*** MATERIAL TO PROCESS ***

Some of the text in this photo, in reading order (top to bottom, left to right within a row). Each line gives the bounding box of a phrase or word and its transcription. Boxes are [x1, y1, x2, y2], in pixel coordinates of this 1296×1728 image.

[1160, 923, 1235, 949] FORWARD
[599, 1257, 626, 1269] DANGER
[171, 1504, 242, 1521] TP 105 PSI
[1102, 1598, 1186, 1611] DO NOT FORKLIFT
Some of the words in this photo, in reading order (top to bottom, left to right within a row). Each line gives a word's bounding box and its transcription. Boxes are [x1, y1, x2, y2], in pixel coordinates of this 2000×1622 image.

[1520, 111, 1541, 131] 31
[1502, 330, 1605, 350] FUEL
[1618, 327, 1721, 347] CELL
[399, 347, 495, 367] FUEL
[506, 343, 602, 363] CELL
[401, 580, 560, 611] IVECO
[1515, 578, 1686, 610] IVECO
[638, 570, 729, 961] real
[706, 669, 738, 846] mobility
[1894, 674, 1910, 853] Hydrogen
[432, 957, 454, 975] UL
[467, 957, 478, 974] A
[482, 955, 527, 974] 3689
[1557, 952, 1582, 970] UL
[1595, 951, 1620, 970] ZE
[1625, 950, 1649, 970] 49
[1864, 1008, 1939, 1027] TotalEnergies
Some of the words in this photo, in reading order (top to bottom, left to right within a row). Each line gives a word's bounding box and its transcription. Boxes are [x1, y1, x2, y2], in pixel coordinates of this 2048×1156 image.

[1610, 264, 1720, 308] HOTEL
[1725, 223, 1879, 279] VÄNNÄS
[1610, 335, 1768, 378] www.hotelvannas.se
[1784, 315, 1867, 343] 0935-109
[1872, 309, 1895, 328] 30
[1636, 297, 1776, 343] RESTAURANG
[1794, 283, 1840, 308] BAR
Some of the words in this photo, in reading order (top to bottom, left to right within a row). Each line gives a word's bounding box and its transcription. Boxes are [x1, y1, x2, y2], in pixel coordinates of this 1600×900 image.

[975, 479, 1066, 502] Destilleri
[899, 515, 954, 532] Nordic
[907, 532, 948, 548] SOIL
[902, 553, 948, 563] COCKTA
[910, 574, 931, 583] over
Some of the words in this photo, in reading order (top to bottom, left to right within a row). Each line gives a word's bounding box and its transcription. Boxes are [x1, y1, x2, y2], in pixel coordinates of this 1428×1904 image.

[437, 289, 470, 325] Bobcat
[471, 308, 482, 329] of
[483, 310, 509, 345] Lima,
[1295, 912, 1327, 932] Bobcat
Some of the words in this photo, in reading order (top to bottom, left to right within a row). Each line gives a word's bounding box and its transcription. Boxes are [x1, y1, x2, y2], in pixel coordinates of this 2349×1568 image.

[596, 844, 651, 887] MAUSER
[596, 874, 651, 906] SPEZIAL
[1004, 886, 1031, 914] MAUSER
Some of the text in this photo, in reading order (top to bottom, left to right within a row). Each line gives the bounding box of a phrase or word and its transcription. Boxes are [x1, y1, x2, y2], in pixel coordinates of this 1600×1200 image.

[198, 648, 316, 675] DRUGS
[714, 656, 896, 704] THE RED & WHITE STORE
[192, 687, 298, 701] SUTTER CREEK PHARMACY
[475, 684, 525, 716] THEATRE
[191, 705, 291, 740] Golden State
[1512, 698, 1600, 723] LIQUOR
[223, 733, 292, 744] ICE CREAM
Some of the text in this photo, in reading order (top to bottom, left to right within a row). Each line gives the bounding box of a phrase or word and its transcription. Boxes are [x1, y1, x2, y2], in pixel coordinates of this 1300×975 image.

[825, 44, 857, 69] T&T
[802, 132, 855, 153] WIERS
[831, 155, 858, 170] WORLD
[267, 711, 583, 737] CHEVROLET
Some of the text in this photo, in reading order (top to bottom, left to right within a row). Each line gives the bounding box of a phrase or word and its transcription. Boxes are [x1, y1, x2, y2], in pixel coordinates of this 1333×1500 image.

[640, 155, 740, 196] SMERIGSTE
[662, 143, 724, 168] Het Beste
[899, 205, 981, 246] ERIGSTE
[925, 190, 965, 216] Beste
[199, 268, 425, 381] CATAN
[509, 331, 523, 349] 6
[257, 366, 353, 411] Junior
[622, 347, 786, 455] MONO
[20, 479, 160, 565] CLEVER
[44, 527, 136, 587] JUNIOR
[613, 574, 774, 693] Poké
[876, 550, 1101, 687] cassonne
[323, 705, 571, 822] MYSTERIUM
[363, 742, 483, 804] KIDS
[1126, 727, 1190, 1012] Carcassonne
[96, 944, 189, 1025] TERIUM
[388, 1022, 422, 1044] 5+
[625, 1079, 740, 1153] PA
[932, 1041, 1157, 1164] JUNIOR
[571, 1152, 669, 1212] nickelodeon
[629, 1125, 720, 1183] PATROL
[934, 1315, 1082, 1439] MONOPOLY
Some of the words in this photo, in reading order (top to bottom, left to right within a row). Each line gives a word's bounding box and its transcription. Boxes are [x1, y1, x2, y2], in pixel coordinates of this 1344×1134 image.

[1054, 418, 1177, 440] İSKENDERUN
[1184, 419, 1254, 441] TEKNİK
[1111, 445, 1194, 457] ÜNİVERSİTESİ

*** End of MATERIAL TO PROCESS ***

## AIM OF THE TASK
All the entries are to be reproduced verbatim.

## ANSWER TO THIS PROBLEM
Some of the text in this photo, in reading order (top to bottom, left to right within a row). Each line gives the bounding box of a phrase or word and its transcription. Boxes are [x1, y1, x2, y2], in pixel coordinates of this 1296×1728 image.

[1160, 923, 1235, 949] FORWARD
[599, 1257, 626, 1269] DANGER
[171, 1504, 242, 1521] TP 105 PSI
[1102, 1598, 1186, 1611] DO NOT FORKLIFT
Some of the words in this photo, in reading order (top to bottom, left to right within a row). Each line gives a word's bounding box and its transcription. Boxes are [x1, y1, x2, y2], in pixel coordinates of this 2000×1622 image.

[1520, 111, 1541, 131] 31
[1502, 330, 1605, 350] FUEL
[1618, 327, 1721, 347] CELL
[399, 347, 495, 367] FUEL
[506, 343, 602, 363] CELL
[401, 580, 560, 611] IVECO
[1515, 578, 1686, 610] IVECO
[638, 570, 729, 961] real
[706, 669, 738, 846] mobility
[1894, 674, 1910, 853] Hydrogen
[432, 957, 454, 975] UL
[467, 957, 478, 974] A
[482, 955, 527, 974] 3689
[1557, 952, 1582, 970] UL
[1595, 951, 1620, 970] ZE
[1625, 950, 1649, 970] 49
[1864, 1008, 1939, 1027] TotalEnergies
Some of the words in this photo, in reading order (top to bottom, left to right within a row). Each line gives a word's bounding box and its transcription. Boxes are [x1, y1, x2, y2], in pixel coordinates of this 2048×1156 image.

[1610, 264, 1720, 308] HOTEL
[1725, 223, 1879, 279] VÄNNÄS
[1610, 335, 1768, 378] www.hotelvannas.se
[1784, 315, 1867, 343] 0935-109
[1872, 309, 1895, 328] 30
[1636, 297, 1776, 343] RESTAURANG
[1794, 283, 1840, 308] BAR
Some of the words in this photo, in reading order (top to bottom, left to right within a row). Each line gives a word's bounding box and its transcription. Boxes are [x1, y1, x2, y2], in pixel coordinates of this 1600×900 image.

[975, 479, 1066, 502] Destilleri
[899, 515, 954, 532] Nordic
[907, 532, 948, 548] SOIL
[902, 553, 948, 563] COCKTA
[910, 574, 931, 583] over
Some of the words in this photo, in reading order (top to bottom, left to right within a row). Each line gives a word's bounding box and its transcription. Boxes are [x1, y1, x2, y2], in pixel coordinates of this 1428×1904 image.

[437, 289, 470, 325] Bobcat
[471, 308, 482, 329] of
[483, 310, 509, 345] Lima,
[1295, 912, 1327, 932] Bobcat
Some of the words in this photo, in reading order (top to bottom, left to right within a row). Each line gives a word's bounding box and its transcription. Boxes are [x1, y1, x2, y2], in pixel coordinates of this 2349×1568 image.

[596, 844, 651, 887] MAUSER
[596, 874, 651, 906] SPEZIAL
[1004, 886, 1031, 914] MAUSER
Some of the text in this photo, in reading order (top to bottom, left to right within a row). Each line gives the bounding box of a phrase or word and its transcription. Boxes are [x1, y1, x2, y2], in pixel coordinates of this 1600×1200 image.

[198, 648, 316, 675] DRUGS
[714, 656, 896, 704] THE RED & WHITE STORE
[192, 687, 298, 701] SUTTER CREEK PHARMACY
[475, 684, 525, 716] THEATRE
[191, 705, 291, 740] Golden State
[1512, 698, 1600, 723] LIQUOR
[223, 733, 292, 744] ICE CREAM
Some of the text in this photo, in reading order (top to bottom, left to right within a row). Each line gives the bounding box of a phrase or word and its transcription. Boxes are [x1, y1, x2, y2], in pixel coordinates of this 1300×975 image.

[825, 44, 857, 69] T&T
[802, 132, 855, 153] WIERS
[831, 155, 858, 170] WORLD
[267, 711, 583, 737] CHEVROLET
Some of the text in this photo, in reading order (top to bottom, left to right within a row). Each line gives the bounding box of a phrase or word and its transcription. Boxes are [x1, y1, x2, y2], in pixel coordinates of this 1333×1500 image.

[640, 155, 740, 196] SMERIGSTE
[662, 143, 724, 168] Het Beste
[899, 205, 981, 246] ERIGSTE
[925, 190, 965, 216] Beste
[199, 268, 425, 381] CATAN
[509, 331, 523, 349] 6
[257, 366, 353, 411] Junior
[622, 347, 786, 455] MONO
[20, 479, 160, 565] CLEVER
[44, 527, 136, 587] JUNIOR
[613, 574, 774, 693] Poké
[876, 550, 1101, 687] cassonne
[323, 705, 571, 822] MYSTERIUM
[363, 742, 483, 804] KIDS
[1126, 727, 1190, 1012] Carcassonne
[96, 944, 189, 1025] TERIUM
[388, 1022, 422, 1044] 5+
[625, 1079, 740, 1153] PA
[932, 1041, 1157, 1164] JUNIOR
[571, 1152, 669, 1212] nickelodeon
[629, 1125, 720, 1183] PATROL
[934, 1315, 1082, 1439] MONOPOLY
Some of the words in this photo, in reading order (top to bottom, left to right within a row). Each line gives a word's bounding box and its transcription. Boxes are [x1, y1, x2, y2], in pixel coordinates of this 1344×1134 image.

[1054, 418, 1177, 440] İSKENDERUN
[1184, 419, 1254, 441] TEKNİK
[1111, 445, 1194, 457] ÜNİVERSİTESİ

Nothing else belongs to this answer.